A programação foi dividida em quatro blocos: abertura institucional, infraestrutura e regulamentação, tecnologia e espaço aéreo, e encerramento. Na abertura, representantes da SMDET e da Secretaria Nacional de Aviação Civil (SAC) apresentaram o panorama regulatório em duas escalas: a federal, com o Plano Aeroviário Nacional (PAN 2022-2052) e o FNAC, e a municipal, com o Plano Diretor Estratégico (PDE), o licenciamento e o programa Sampa Sandbox.

 

No bloco dedicado a infraestrutura e regulamentação, o CFO da Elyx Vertiportos, Pedro Longuini, apresentou os requisitos para a requalificação de infraestruturas existentes voltadas à operação de eVTOLs, abordando custos de adaptação, exigências de área, localizações prioritárias e benchmarks de design de vertiportos.

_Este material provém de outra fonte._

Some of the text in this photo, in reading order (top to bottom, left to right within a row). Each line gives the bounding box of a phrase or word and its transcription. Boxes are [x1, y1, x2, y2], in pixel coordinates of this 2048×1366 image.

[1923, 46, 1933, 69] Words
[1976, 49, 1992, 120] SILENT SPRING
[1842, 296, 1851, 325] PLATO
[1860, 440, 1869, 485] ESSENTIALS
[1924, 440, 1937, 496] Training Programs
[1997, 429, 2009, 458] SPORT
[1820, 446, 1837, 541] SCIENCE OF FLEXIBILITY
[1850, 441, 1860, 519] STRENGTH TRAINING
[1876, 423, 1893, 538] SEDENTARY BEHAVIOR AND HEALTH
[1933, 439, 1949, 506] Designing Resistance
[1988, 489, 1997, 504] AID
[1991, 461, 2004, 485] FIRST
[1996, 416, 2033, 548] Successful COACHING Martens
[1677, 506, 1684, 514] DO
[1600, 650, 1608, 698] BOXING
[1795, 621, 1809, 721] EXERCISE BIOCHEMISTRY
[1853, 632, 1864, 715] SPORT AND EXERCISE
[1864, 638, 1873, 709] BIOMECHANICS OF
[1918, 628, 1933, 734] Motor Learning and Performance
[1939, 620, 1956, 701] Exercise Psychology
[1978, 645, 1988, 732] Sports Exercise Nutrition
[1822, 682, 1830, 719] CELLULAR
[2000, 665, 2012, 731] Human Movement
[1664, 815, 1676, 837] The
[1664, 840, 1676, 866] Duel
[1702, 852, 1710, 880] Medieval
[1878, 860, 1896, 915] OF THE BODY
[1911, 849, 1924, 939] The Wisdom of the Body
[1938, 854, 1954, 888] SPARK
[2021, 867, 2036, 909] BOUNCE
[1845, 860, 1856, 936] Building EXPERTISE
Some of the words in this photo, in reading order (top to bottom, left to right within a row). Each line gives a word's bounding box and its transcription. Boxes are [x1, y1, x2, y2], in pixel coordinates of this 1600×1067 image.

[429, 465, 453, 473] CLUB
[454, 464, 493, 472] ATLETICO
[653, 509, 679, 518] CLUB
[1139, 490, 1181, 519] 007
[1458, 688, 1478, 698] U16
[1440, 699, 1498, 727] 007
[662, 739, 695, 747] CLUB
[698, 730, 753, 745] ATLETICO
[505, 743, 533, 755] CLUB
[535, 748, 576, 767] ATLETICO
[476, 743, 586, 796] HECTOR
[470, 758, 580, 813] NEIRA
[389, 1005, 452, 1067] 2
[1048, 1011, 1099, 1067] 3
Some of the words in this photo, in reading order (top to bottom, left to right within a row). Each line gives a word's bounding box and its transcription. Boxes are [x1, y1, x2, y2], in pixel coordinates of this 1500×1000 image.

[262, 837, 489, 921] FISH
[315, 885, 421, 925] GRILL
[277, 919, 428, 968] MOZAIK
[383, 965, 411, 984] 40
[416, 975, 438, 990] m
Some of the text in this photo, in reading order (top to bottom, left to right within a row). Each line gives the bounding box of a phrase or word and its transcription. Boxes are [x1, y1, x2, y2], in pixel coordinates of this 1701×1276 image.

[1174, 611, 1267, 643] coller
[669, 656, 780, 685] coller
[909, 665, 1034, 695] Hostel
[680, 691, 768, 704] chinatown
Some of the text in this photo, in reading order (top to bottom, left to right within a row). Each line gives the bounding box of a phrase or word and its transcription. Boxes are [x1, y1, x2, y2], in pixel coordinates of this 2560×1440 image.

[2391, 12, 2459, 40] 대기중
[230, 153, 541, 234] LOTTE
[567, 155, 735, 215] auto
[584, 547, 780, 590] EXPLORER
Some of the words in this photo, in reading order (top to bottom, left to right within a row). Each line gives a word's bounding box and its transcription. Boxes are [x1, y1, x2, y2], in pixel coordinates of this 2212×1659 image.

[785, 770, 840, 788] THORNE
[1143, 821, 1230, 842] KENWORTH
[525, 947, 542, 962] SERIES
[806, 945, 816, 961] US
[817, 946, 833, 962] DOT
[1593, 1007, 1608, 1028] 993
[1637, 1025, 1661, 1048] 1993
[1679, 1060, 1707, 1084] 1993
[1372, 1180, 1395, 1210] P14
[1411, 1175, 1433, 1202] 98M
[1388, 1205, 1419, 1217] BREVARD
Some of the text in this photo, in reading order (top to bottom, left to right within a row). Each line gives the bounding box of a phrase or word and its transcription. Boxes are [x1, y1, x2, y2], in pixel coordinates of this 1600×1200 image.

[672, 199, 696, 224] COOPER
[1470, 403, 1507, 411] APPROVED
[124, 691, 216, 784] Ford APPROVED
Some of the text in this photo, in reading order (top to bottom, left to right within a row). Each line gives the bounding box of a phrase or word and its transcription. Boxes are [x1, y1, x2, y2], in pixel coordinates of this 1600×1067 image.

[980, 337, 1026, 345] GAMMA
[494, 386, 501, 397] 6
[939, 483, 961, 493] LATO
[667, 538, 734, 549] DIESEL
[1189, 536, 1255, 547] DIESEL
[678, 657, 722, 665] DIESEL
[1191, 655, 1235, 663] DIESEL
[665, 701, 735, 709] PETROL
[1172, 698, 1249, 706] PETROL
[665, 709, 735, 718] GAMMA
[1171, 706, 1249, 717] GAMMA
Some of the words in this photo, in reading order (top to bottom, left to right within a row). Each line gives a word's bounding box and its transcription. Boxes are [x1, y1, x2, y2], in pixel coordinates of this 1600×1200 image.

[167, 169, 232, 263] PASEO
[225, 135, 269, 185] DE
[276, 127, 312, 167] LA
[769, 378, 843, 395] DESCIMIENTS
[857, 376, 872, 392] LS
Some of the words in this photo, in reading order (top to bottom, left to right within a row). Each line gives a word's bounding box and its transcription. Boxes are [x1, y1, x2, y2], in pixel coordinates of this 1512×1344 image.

O tema dialogou com as apresentações seguintes: a da ANAC, sobre a sandbox regulatória e o cronograma de homologação de vertiportos à luz do RBAC 155, e a da Hitachi Energy, sobre o gargalo energético associado à demanda de potência das operações.

 

O terceiro bloco, sobre tecnologia e espaço aéreo, reuniu a EVE Air Mobility, que tratou do estágio de maturidade da aeronave e do cronograma de certificação, o DECEA, que apresentou a arquitetura do espaço aéreo de baixa altitude, e a GOL, que discutiu a transição de um operador tradicional para o modal eVTOL.

 

A expectativa da Prefeitura é que o arcabouço regulatório desenvolvido em São Paulo, primeira cidade brasileira a estruturar esse processo de forma coordenada entre múltiplas secretarias, sirva de referência para outros municípios. Os próximos passos do GTI incluem a organização de um cronograma de novas reuniões, com o objetivo de debater e propor diretrizes técnicas para a legislação do modal de Mobilidade Aérea Avançada no município.

 

Para a Elyx, o desafio não é apenas adaptar a infraestrutura existente, é antecipar qual modelo de vertiporto vai se tornar referência regulatória no Brasil. É essa discussão que a Elyx segue puxando dentro do GTI e que deve pautar o setor nos próximos meses.